### [Task to complete]
Please retype the records below exactly as they appear, but leave out the pictures.

(Collected data)
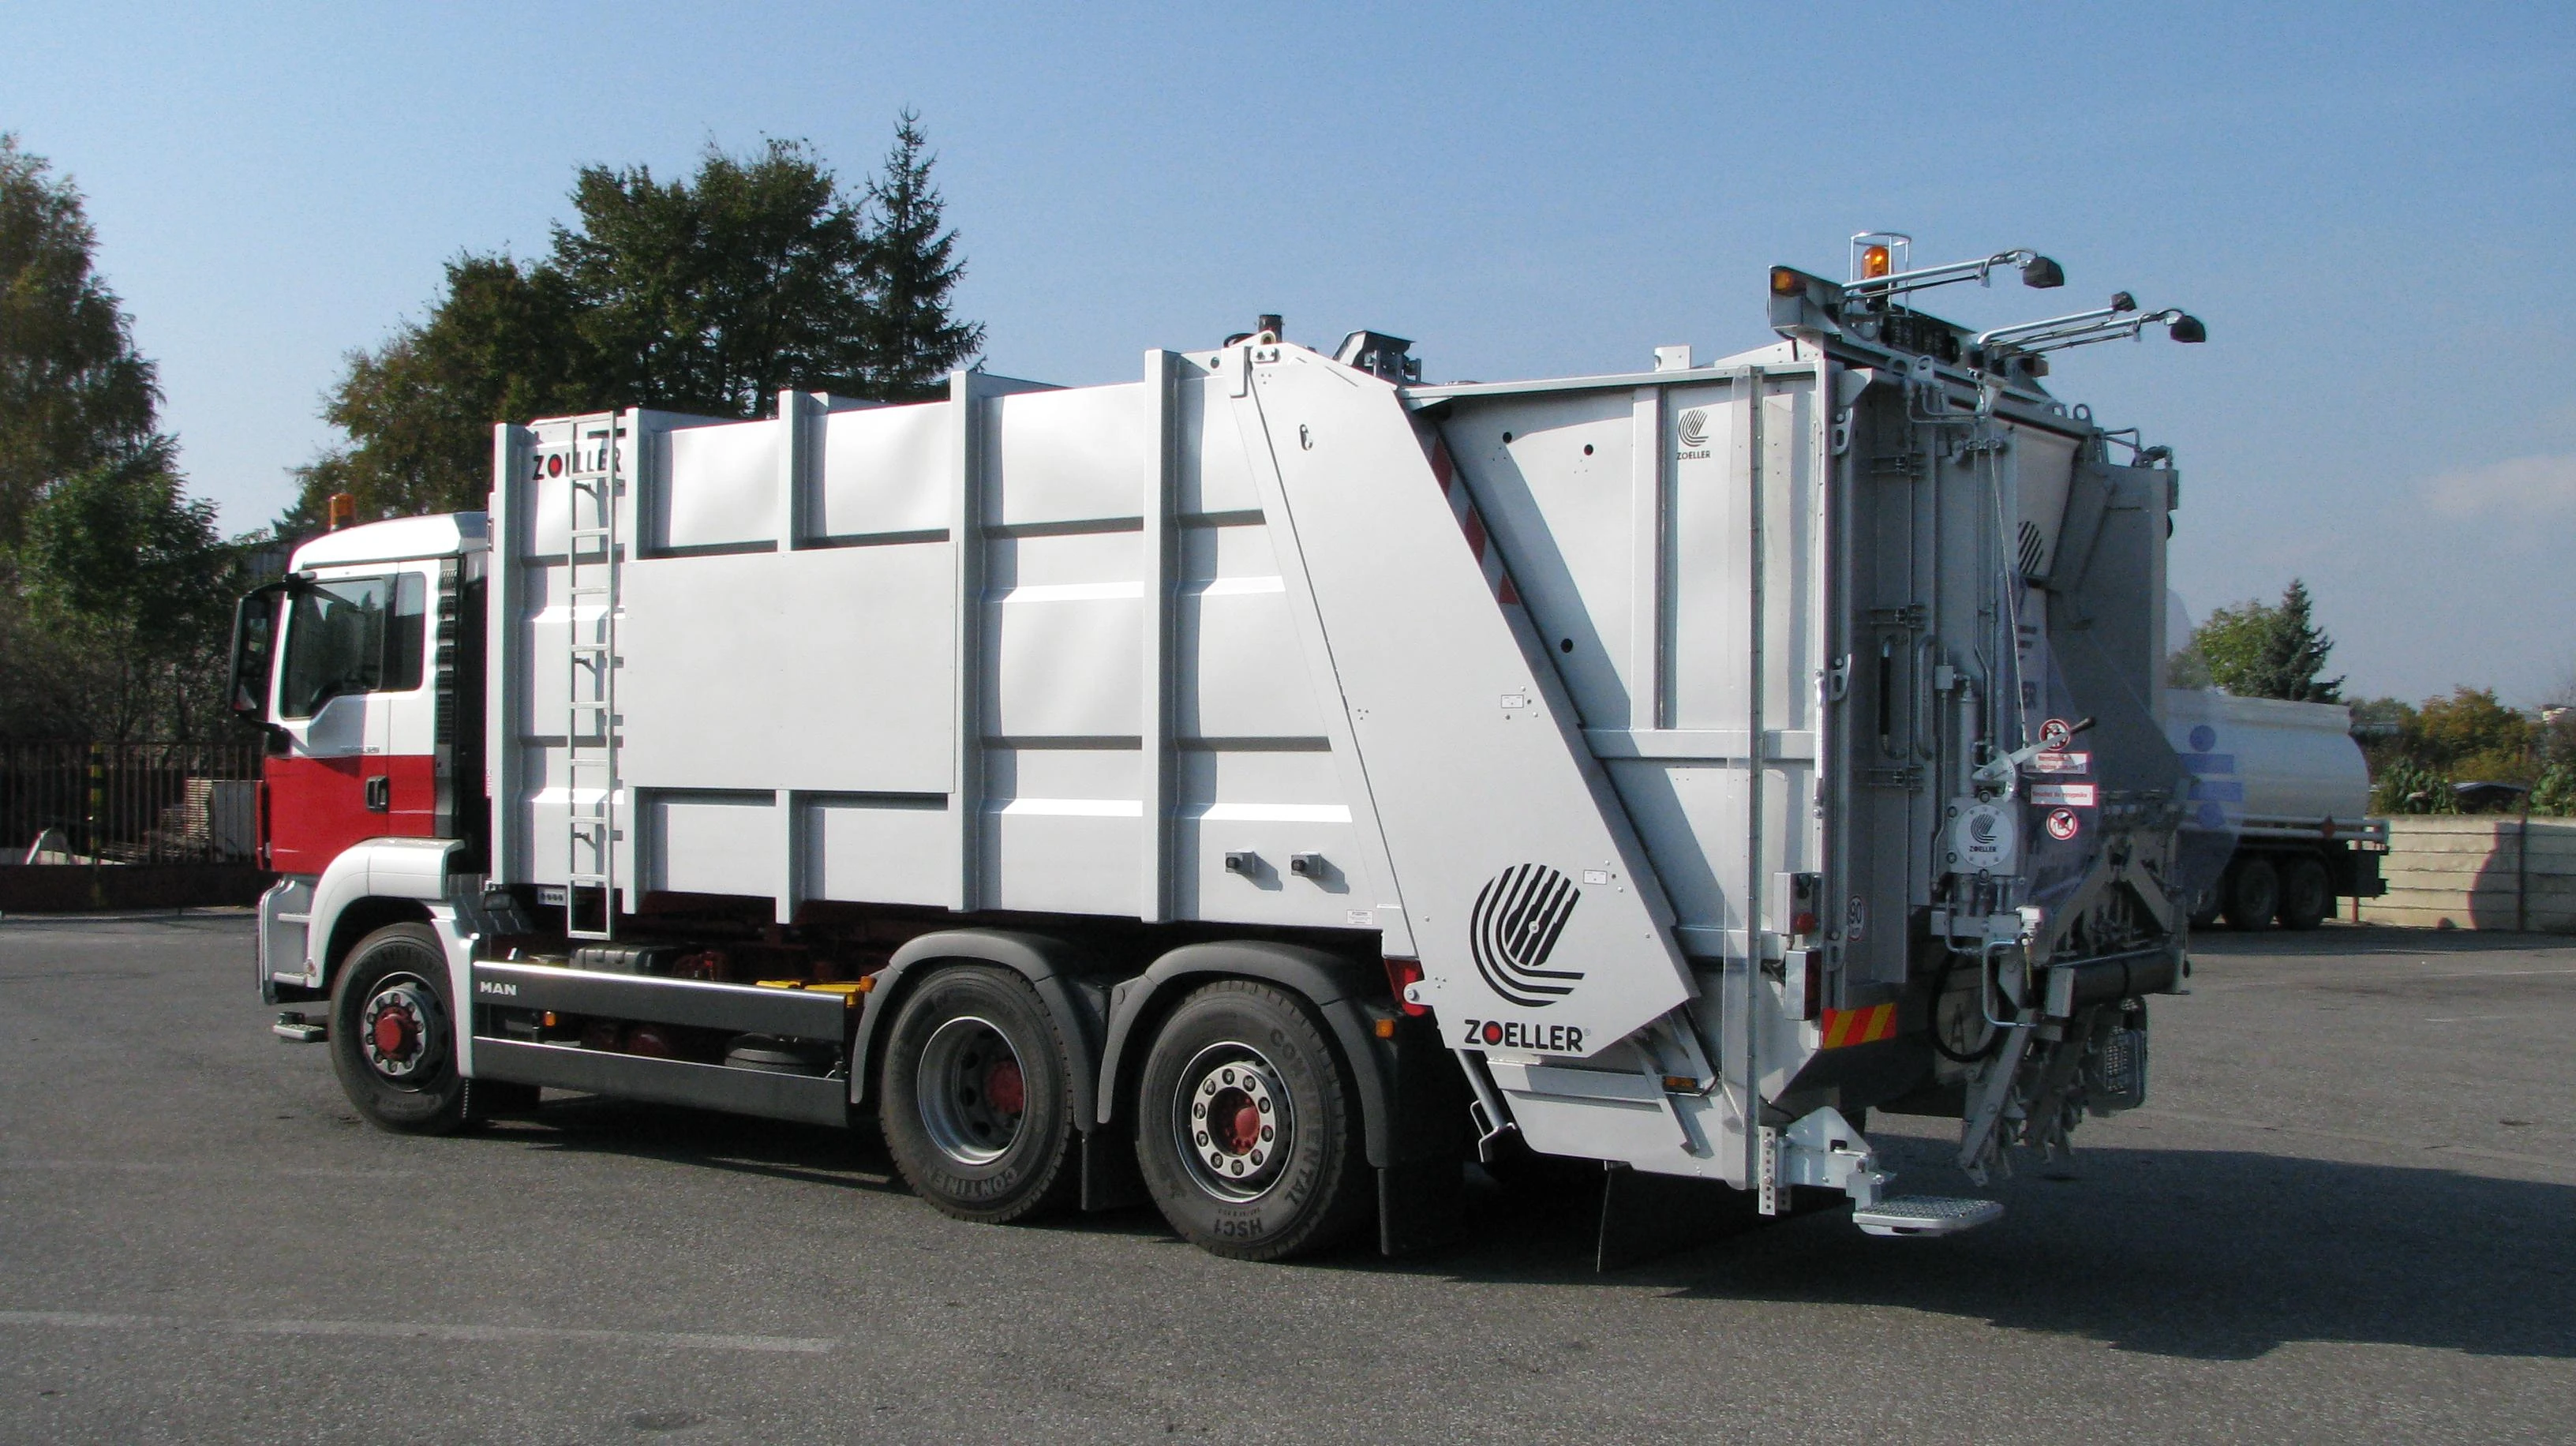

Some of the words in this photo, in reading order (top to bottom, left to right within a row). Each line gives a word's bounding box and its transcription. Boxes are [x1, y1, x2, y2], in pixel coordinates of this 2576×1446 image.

[1676, 450, 1711, 460] ZOELLER
[480, 981, 517, 995] MAN
[1464, 1018, 1583, 1052] ZOELLER
[1214, 1218, 1264, 1238] HSC1
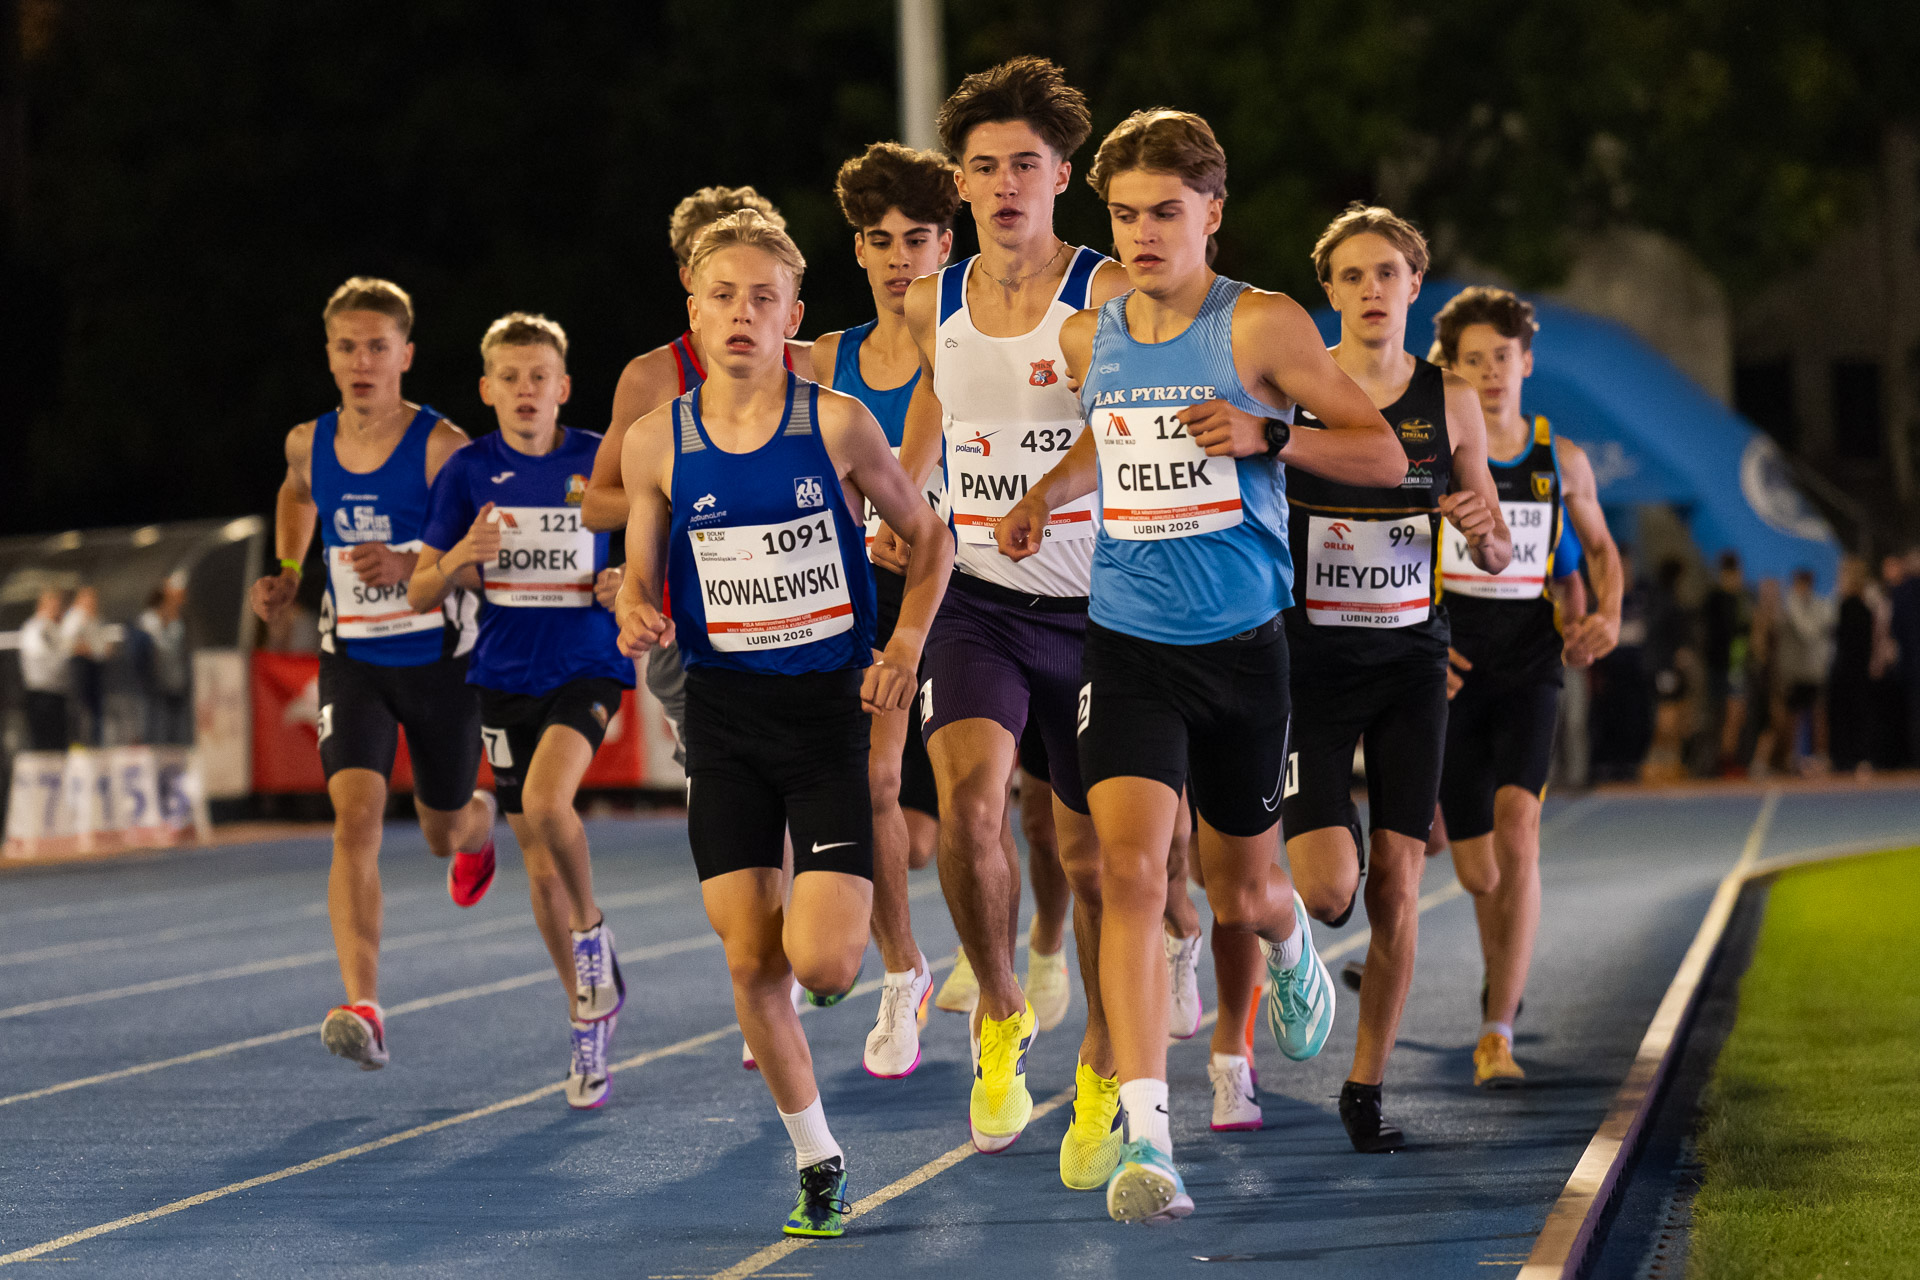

### [Exercise response]
Some of the words in this photo, in reading order (top to bottom, left to right within a row). Each line gives a word's bounding box and its transcription. Boxes are [x1, y1, x2, y2], in pixel coordinates of this 2576×1446 image.

[1676, 450, 1711, 460] ZOELLER
[480, 981, 517, 995] MAN
[1464, 1018, 1583, 1052] ZOELLER
[1214, 1218, 1264, 1238] HSC1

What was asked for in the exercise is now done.